Utils#

Mail : [alejandro.martinezleon@uni-saarland.de, ale94mleon@gmail.com] Affiliation : Jochen Hub’s Biophysics Group Affiliation : Faculty of NS, University of Saarland, Saarbrücken, Germany =============================================================================== DESCRIPTION : DEPENDENCIES : ===============================================================================

class palmiche.utils.tools.CHECK(logfile, lisfile=None)[source]#

This class test the normal ending of a GROMACS simulation using the log file. E.g. let say that we have the md.log of a simulation # CHECK = CHECK(‘md.log’) # if CHECK.performance: # #The simulation had a good ending # else: # #The simulations crashed.

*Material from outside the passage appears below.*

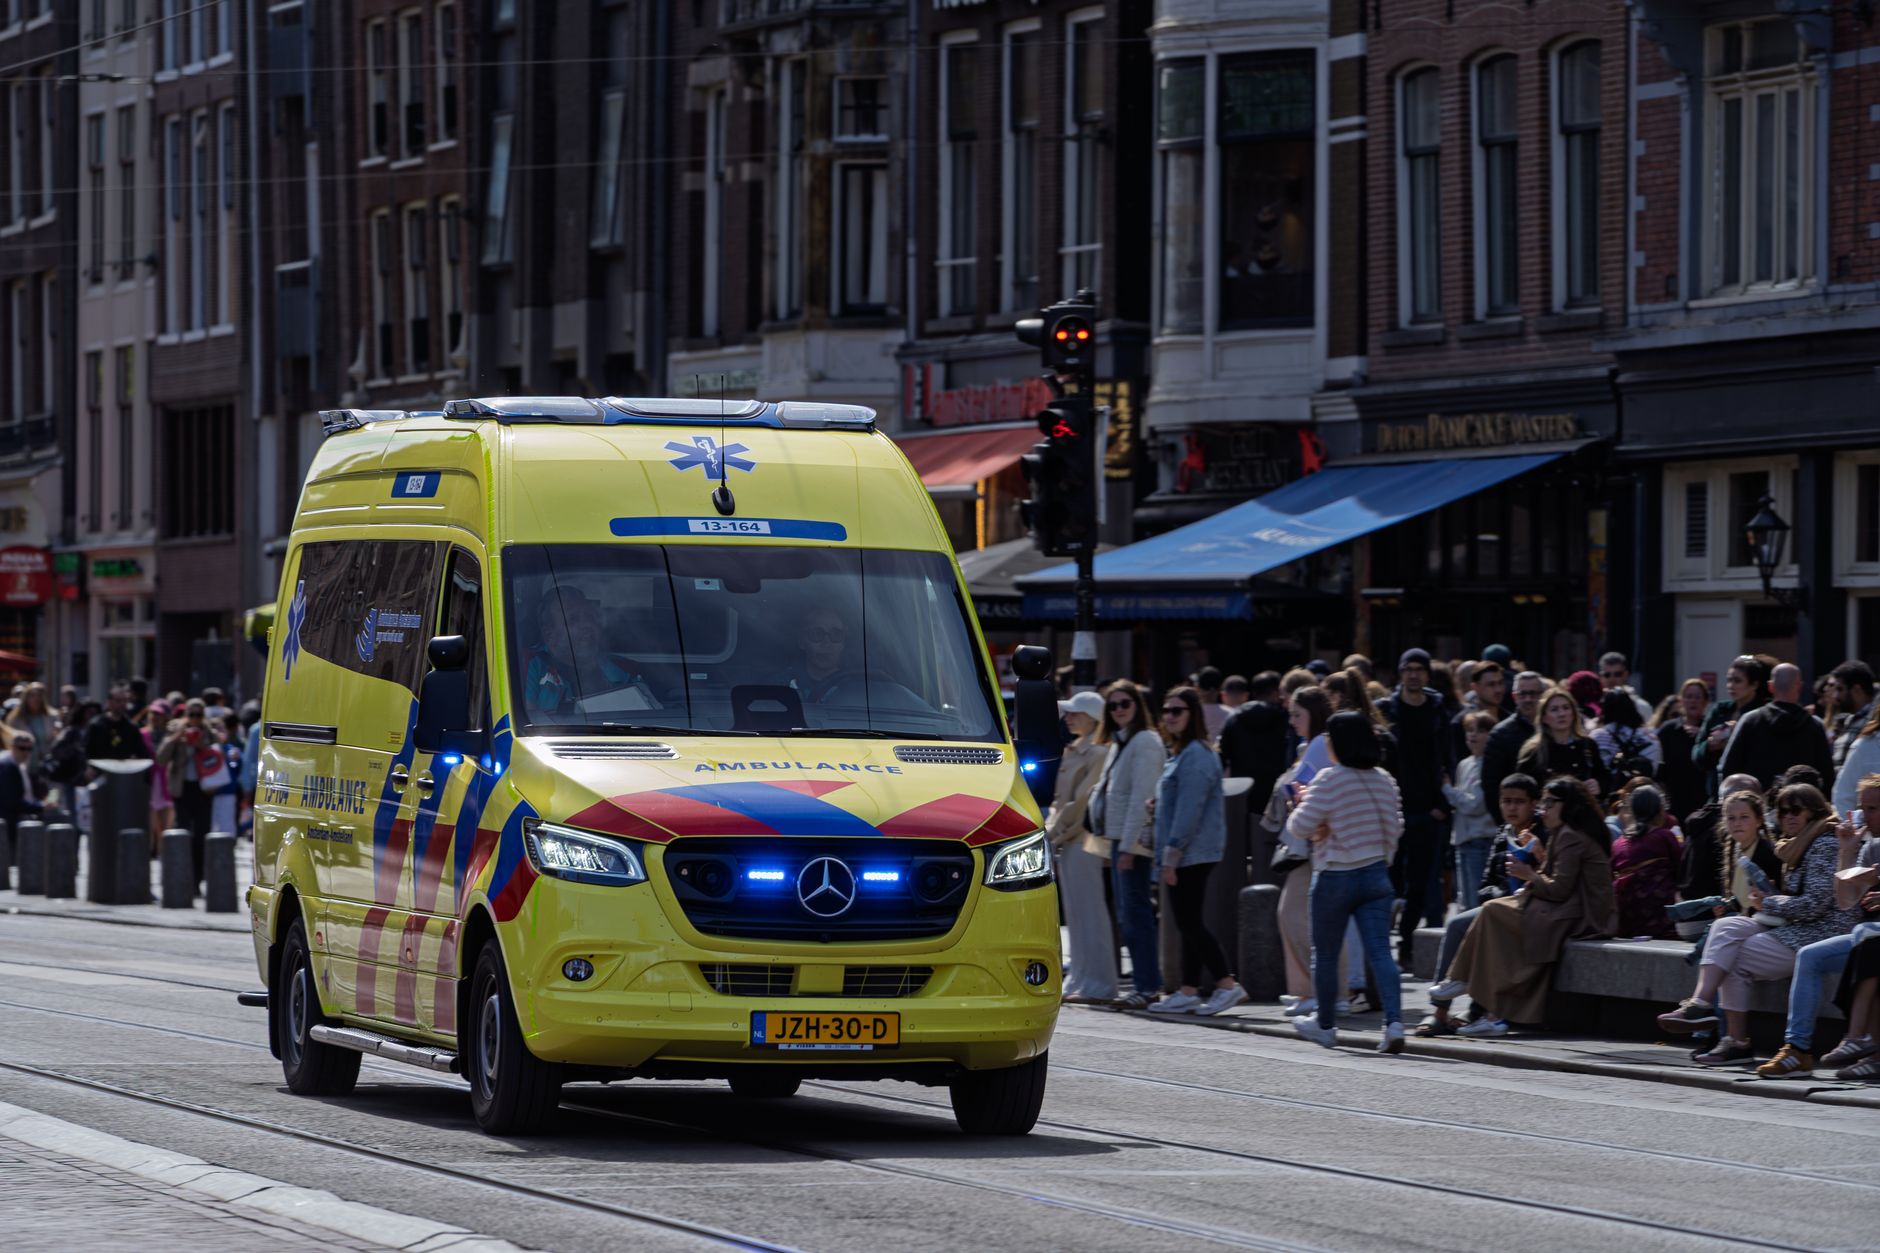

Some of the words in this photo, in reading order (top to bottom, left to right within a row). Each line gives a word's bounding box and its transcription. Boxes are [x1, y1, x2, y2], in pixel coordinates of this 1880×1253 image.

__init__(logfile, lisfile=None)[source]#
daysdiff(startdatetime=None)[source]#

Take the difference between the estimated ended time of lisfile and datetime_start

Parameters:
  • lisfile (path) – [description]

  • datetime_start (datetime) – A date time.

Returns:

Days’ difference.

Return type:

float

estimated_end_datetime()[source]#
Read an md.lis looking for the last instance of the string with the estimation of the ended time.

“step 24940000, will finish Tue Oct 5 10:38:53 2021”

Parameters:

self.lisfile (path) – md.lis, the output of the gromacs execution.

Returns:

The estimated end of the simulation.

Return type:

datetime

class palmiche.utils.tools.CTE[source]#

Some important physical constants

palmiche.utils.tools.KbT(absolute_temperature)[source]#

Return the value of Kb*T in kJ/mol

Parameters:

absolute_temperature (float) – The absolute temperature in kelvin

class palmiche.utils.tools.Mol2(mol2_path: PathLike | str | bytes)[source]#

Read a mol2 molecule and storge the corresponded RDKit molecule in the attribute ‘mol’

Example

In [1]: from palmiche.utils.tools import Mol2, get_palmiche_data

In [2]: import os

In [3]: get_palmiche_data(file="samples/mol2.tar.gz", out_dir='.')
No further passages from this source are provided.